■ Material for this task ■
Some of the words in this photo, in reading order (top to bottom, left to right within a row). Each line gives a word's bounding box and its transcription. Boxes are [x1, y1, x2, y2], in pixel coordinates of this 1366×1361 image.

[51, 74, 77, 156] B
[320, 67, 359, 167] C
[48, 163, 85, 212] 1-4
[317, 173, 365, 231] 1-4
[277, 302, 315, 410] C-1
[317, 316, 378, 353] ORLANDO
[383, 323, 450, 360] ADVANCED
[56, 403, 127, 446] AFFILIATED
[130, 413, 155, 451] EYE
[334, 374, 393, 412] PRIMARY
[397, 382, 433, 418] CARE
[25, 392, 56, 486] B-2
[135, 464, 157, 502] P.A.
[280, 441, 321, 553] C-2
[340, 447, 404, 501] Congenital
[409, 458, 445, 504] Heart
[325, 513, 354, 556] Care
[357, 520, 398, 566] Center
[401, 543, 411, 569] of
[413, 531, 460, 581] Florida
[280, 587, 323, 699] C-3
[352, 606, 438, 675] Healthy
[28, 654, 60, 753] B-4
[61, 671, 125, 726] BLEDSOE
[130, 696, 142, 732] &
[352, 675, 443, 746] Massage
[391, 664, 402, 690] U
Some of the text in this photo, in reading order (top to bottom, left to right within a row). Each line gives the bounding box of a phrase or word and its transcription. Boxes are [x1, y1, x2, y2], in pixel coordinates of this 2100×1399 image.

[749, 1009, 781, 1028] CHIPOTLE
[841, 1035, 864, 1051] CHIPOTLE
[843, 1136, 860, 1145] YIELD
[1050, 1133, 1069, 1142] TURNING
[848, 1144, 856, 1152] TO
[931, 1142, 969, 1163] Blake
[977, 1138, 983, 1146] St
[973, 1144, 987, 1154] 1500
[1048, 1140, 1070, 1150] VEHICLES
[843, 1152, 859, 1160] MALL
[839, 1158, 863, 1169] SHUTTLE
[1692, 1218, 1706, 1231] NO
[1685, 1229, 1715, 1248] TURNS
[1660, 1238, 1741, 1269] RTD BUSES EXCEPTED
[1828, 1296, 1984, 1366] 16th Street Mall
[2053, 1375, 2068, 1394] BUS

■ Problem ■
All the entries must be retyped exactly.

■ Written answer ■
Some of the words in this photo, in reading order (top to bottom, left to right within a row). Each line gives a word's bounding box and its transcription. Boxes are [x1, y1, x2, y2], in pixel coordinates of this 1366×1361 image.

[51, 74, 77, 156] B
[320, 67, 359, 167] C
[48, 163, 85, 212] 1-4
[317, 173, 365, 231] 1-4
[277, 302, 315, 410] C-1
[317, 316, 378, 353] ORLANDO
[383, 323, 450, 360] ADVANCED
[56, 403, 127, 446] AFFILIATED
[130, 413, 155, 451] EYE
[334, 374, 393, 412] PRIMARY
[397, 382, 433, 418] CARE
[25, 392, 56, 486] B-2
[135, 464, 157, 502] P.A.
[280, 441, 321, 553] C-2
[340, 447, 404, 501] Congenital
[409, 458, 445, 504] Heart
[325, 513, 354, 556] Care
[357, 520, 398, 566] Center
[401, 543, 411, 569] of
[413, 531, 460, 581] Florida
[280, 587, 323, 699] C-3
[352, 606, 438, 675] Healthy
[28, 654, 60, 753] B-4
[61, 671, 125, 726] BLEDSOE
[130, 696, 142, 732] &
[352, 675, 443, 746] Massage
[391, 664, 402, 690] U
Some of the text in this photo, in reading order (top to bottom, left to right within a row). Each line gives the bounding box of a phrase or word and its transcription. Boxes are [x1, y1, x2, y2], in pixel coordinates of this 2100×1399 image.

[749, 1009, 781, 1028] CHIPOTLE
[841, 1035, 864, 1051] CHIPOTLE
[843, 1136, 860, 1145] YIELD
[1050, 1133, 1069, 1142] TURNING
[848, 1144, 856, 1152] TO
[931, 1142, 969, 1163] Blake
[977, 1138, 983, 1146] St
[973, 1144, 987, 1154] 1500
[1048, 1140, 1070, 1150] VEHICLES
[843, 1152, 859, 1160] MALL
[839, 1158, 863, 1169] SHUTTLE
[1692, 1218, 1706, 1231] NO
[1685, 1229, 1715, 1248] TURNS
[1660, 1238, 1741, 1269] RTD BUSES EXCEPTED
[1828, 1296, 1984, 1366] 16th Street Mall
[2053, 1375, 2068, 1394] BUS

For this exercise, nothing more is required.